**What you will do**:
Reproduce every record below exactly, with the pictures left out.

(Referring expression grounding data)
• • • • •

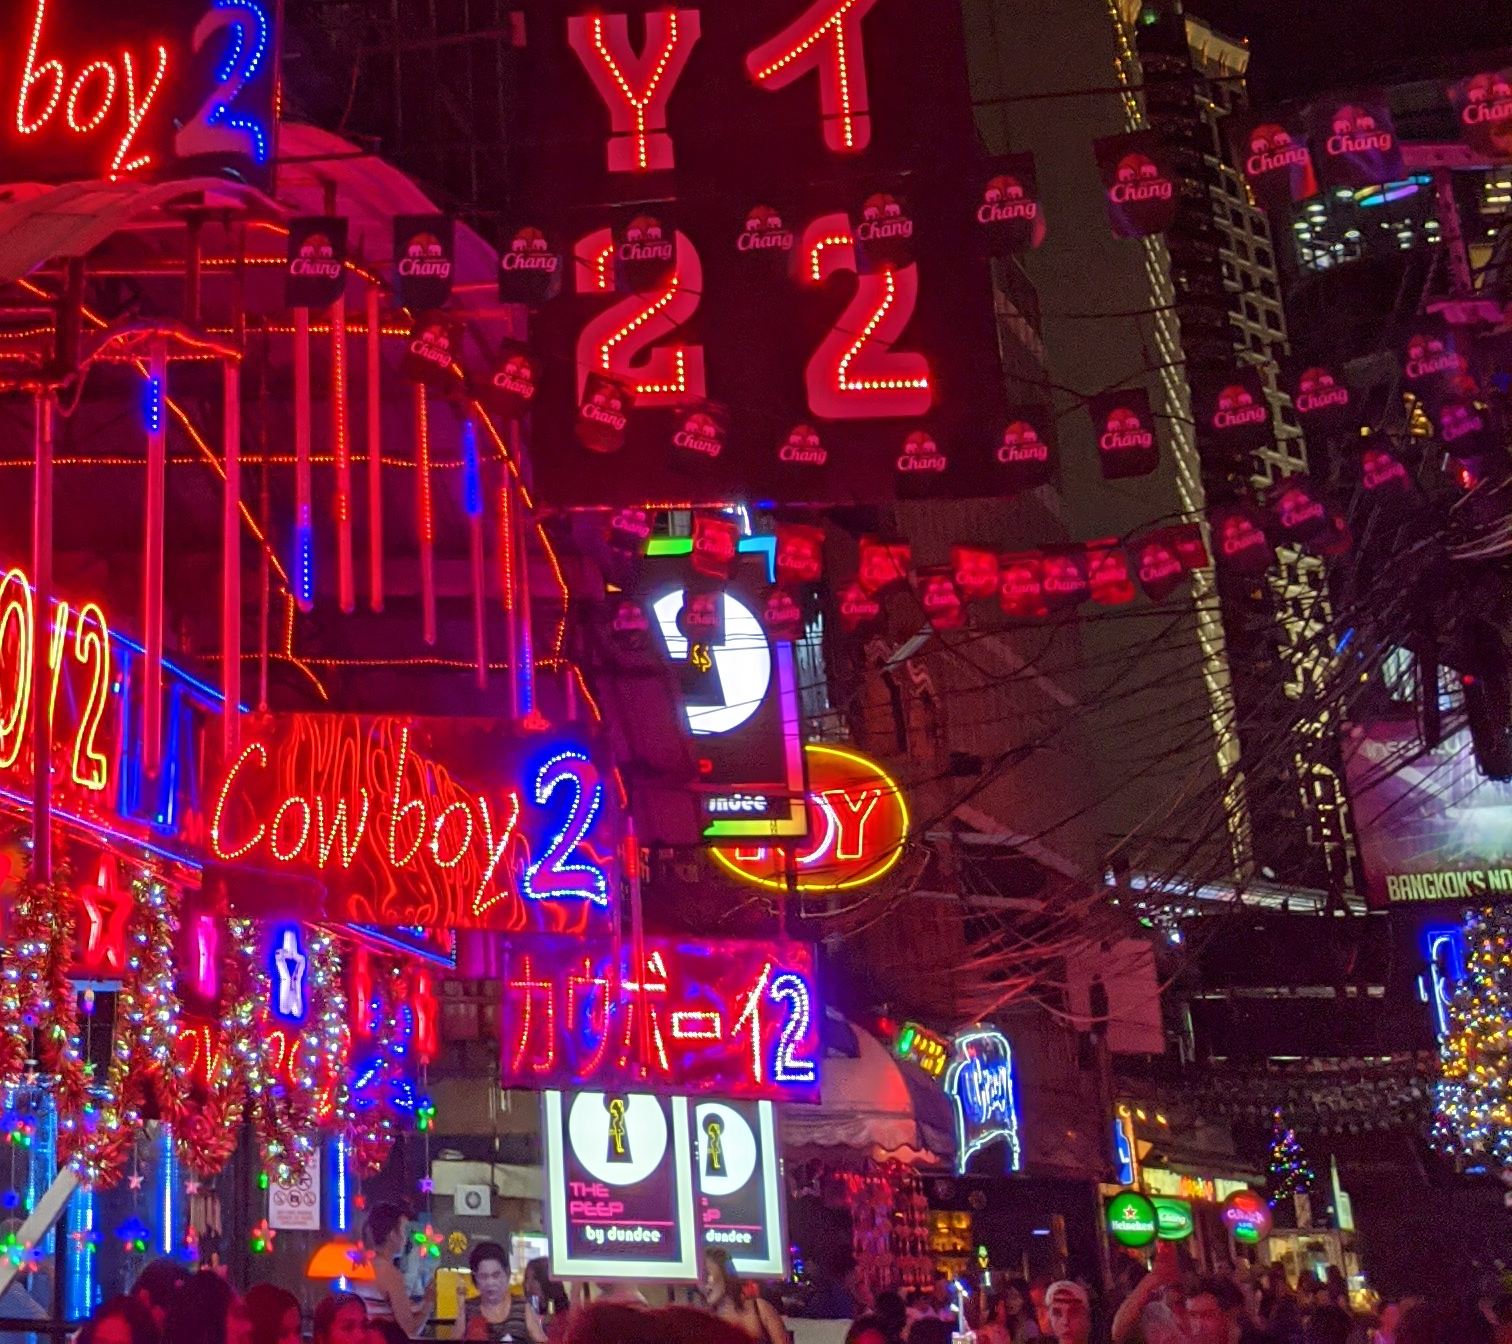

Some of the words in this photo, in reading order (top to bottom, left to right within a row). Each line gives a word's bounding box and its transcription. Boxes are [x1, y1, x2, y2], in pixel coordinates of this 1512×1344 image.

[1463, 101, 1512, 125] Chan
[1326, 132, 1392, 156] Chang
[1246, 147, 1309, 176] Chang
[1109, 178, 1173, 204] Chang
[977, 200, 1036, 224] Chang
[856, 215, 913, 242] Chang
[618, 242, 673, 260] Chang
[737, 231, 794, 251] Chang
[290, 258, 341, 278] Chang
[399, 258, 451, 278] Chang
[501, 253, 558, 273] Chang
[574, 226, 708, 408] 2
[410, 340, 452, 368] Chang
[493, 373, 535, 399] Chang
[1296, 387, 1349, 412] Chang
[581, 402, 627, 431] Chang
[1213, 405, 1267, 429] Chang
[672, 430, 722, 458] Chang
[1100, 429, 1153, 451] Chang
[779, 444, 828, 466] Chang
[897, 454, 948, 473] Chang
[997, 442, 1048, 463] Chang
[71, 603, 110, 791] 2
[210, 727, 521, 917] Cowboy
[523, 750, 608, 907] 2
[1386, 870, 1486, 902] BANGKOK'S
[569, 1181, 610, 1198] THE
[569, 1200, 625, 1217] PEEP
[584, 1224, 605, 1245] by
[606, 1226, 662, 1243] dundee
[705, 1229, 753, 1244] dundee
[1111, 1219, 1155, 1232] Heineken
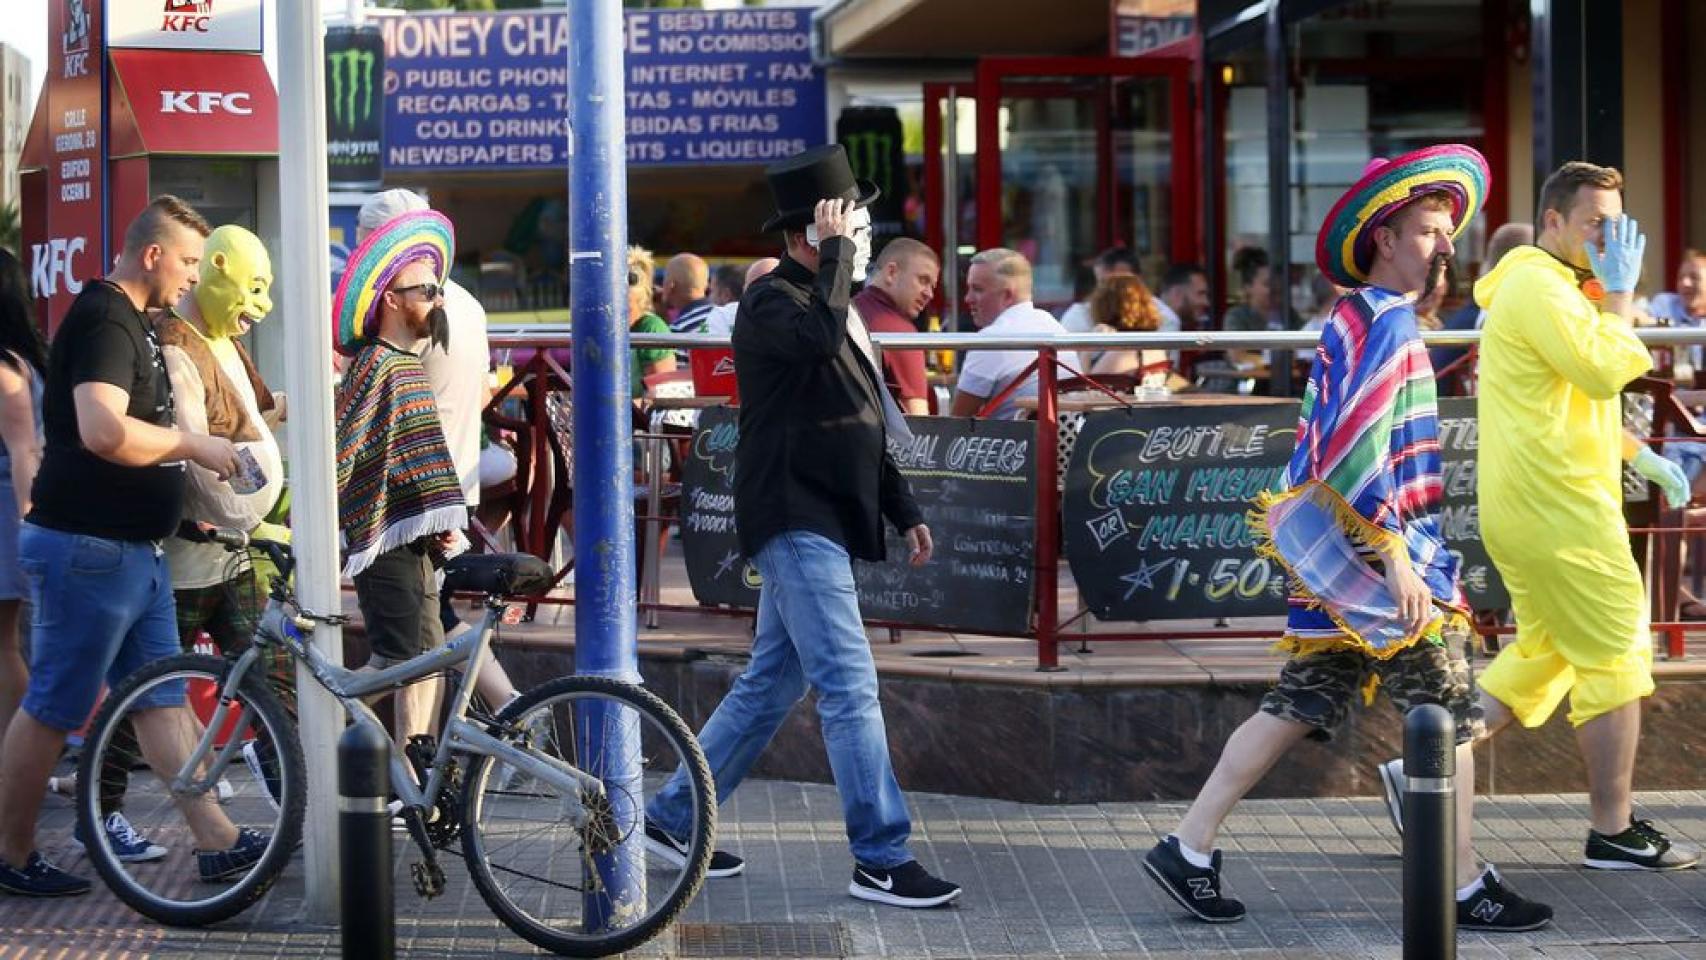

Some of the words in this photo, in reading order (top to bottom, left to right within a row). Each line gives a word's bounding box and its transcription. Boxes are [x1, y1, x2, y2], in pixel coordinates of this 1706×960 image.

[162, 16, 210, 32] KFC
[658, 12, 715, 31] BEST
[722, 10, 797, 30] RATES
[659, 34, 692, 53] NO
[698, 32, 809, 52] COMISSIO
[65, 52, 88, 78] KFC
[632, 64, 747, 83] INTERNET
[769, 63, 814, 80] FAX
[406, 70, 492, 88] PUBLIC
[499, 68, 567, 87] PHON
[160, 91, 252, 114] KFC
[397, 94, 530, 113] RECARGAS
[416, 119, 481, 138] COLD
[710, 114, 778, 132] FRIAS
[390, 146, 553, 165] NEWSPAPERS
[687, 138, 806, 160] LIQUEURS
[32, 237, 86, 298] KFC
[1139, 424, 1268, 463] BOTTLE
[946, 436, 1028, 474] OFFERS
[1106, 469, 1180, 507] SAN
[1101, 516, 1118, 538] OR

• • • • •

**Output below**:
Some of the words in this photo, in reading order (top to bottom, left to right within a row). Each line gives a word's bounding box and its transcription. Boxes are [x1, y1, x2, y2], in pixel coordinates of this 1512×1344 image.

[1463, 101, 1512, 125] Chan
[1326, 132, 1392, 156] Chang
[1246, 147, 1309, 176] Chang
[1109, 178, 1173, 204] Chang
[977, 200, 1036, 224] Chang
[856, 215, 913, 242] Chang
[618, 242, 673, 260] Chang
[737, 231, 794, 251] Chang
[290, 258, 341, 278] Chang
[399, 258, 451, 278] Chang
[501, 253, 558, 273] Chang
[574, 226, 708, 408] 2
[410, 340, 452, 368] Chang
[493, 373, 535, 399] Chang
[1296, 387, 1349, 412] Chang
[581, 402, 627, 431] Chang
[1213, 405, 1267, 429] Chang
[672, 430, 722, 458] Chang
[1100, 429, 1153, 451] Chang
[779, 444, 828, 466] Chang
[897, 454, 948, 473] Chang
[997, 442, 1048, 463] Chang
[71, 603, 110, 791] 2
[210, 727, 521, 917] Cowboy
[523, 750, 608, 907] 2
[1386, 870, 1486, 902] BANGKOK'S
[569, 1181, 610, 1198] THE
[569, 1200, 625, 1217] PEEP
[584, 1224, 605, 1245] by
[606, 1226, 662, 1243] dundee
[705, 1229, 753, 1244] dundee
[1111, 1219, 1155, 1232] Heineken

Some of the words in this photo, in reading order (top to bottom, left to right within a row). Each line gives a word's bounding box and its transcription. Boxes are [x1, y1, x2, y2], in pixel coordinates of this 1706×960 image.

[162, 16, 210, 32] KFC
[658, 12, 715, 31] BEST
[722, 10, 797, 30] RATES
[659, 34, 692, 53] NO
[698, 32, 809, 52] COMISSIO
[65, 52, 88, 78] KFC
[632, 64, 747, 83] INTERNET
[769, 63, 814, 80] FAX
[406, 70, 492, 88] PUBLIC
[499, 68, 567, 87] PHON
[160, 91, 252, 114] KFC
[397, 94, 530, 113] RECARGAS
[416, 119, 481, 138] COLD
[710, 114, 778, 132] FRIAS
[390, 146, 553, 165] NEWSPAPERS
[687, 138, 806, 160] LIQUEURS
[32, 237, 86, 298] KFC
[1139, 424, 1268, 463] BOTTLE
[946, 436, 1028, 474] OFFERS
[1106, 469, 1180, 507] SAN
[1101, 516, 1118, 538] OR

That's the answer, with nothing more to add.